_Problem details:_
For the entries that follow, set down each one exactly and drop any pictures.

Saved entries:
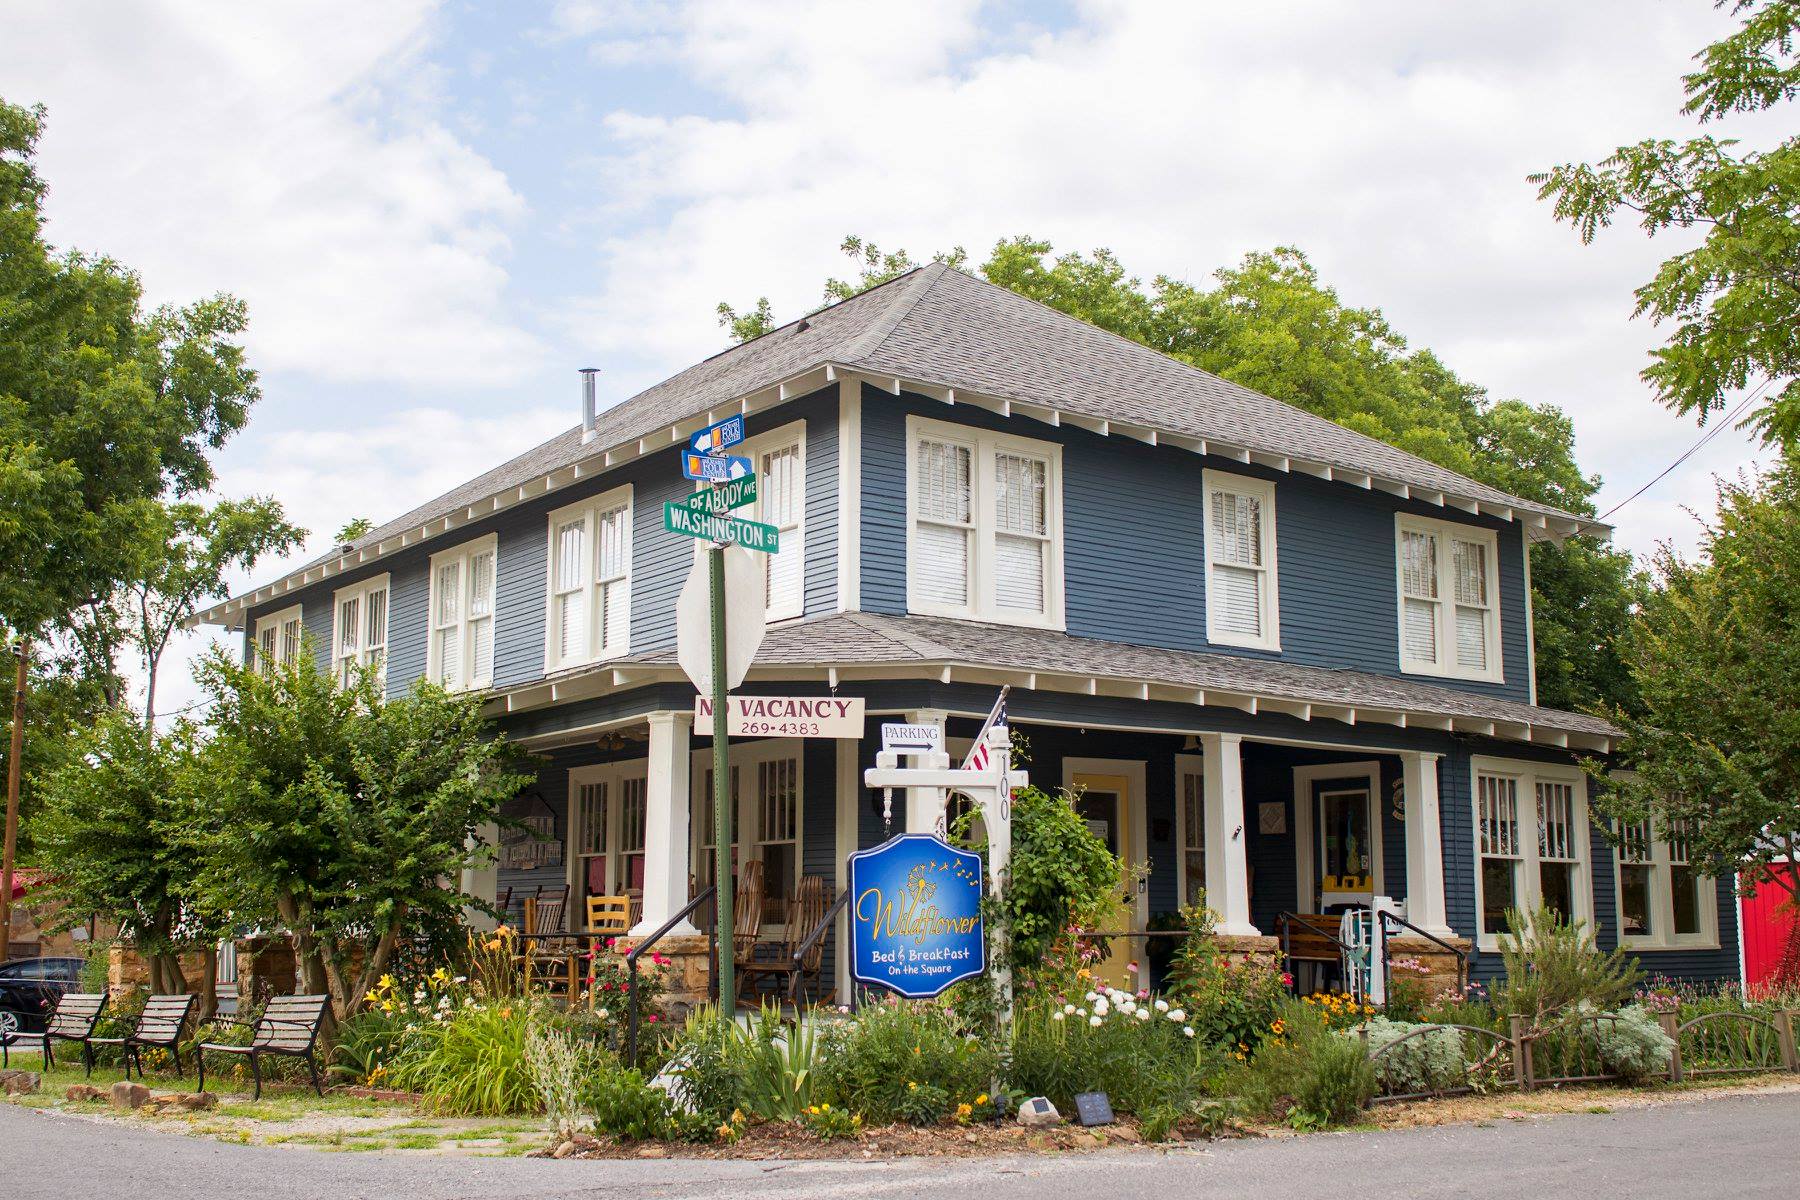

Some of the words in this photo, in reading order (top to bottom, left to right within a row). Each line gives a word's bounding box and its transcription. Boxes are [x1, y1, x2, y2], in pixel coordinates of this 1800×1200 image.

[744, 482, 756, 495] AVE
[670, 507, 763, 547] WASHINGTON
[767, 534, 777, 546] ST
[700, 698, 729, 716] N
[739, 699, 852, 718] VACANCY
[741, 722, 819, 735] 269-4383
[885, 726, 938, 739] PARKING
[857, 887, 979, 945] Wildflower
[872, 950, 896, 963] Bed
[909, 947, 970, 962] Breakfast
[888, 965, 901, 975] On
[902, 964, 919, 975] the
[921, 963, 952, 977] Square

_Result of the task:_
Some of the words in this photo, in reading order (top to bottom, left to right within a row). Each line gives a word's bounding box and its transcription. Boxes are [x1, y1, x2, y2], in pixel coordinates of this 1800×1200 image.

[744, 482, 756, 495] AVE
[670, 507, 763, 547] WASHINGTON
[767, 534, 777, 546] ST
[700, 698, 729, 716] N
[739, 699, 852, 718] VACANCY
[741, 722, 819, 735] 269-4383
[885, 726, 938, 739] PARKING
[857, 887, 979, 945] Wildflower
[872, 950, 896, 963] Bed
[909, 947, 970, 962] Breakfast
[888, 965, 901, 975] On
[902, 964, 919, 975] the
[921, 963, 952, 977] Square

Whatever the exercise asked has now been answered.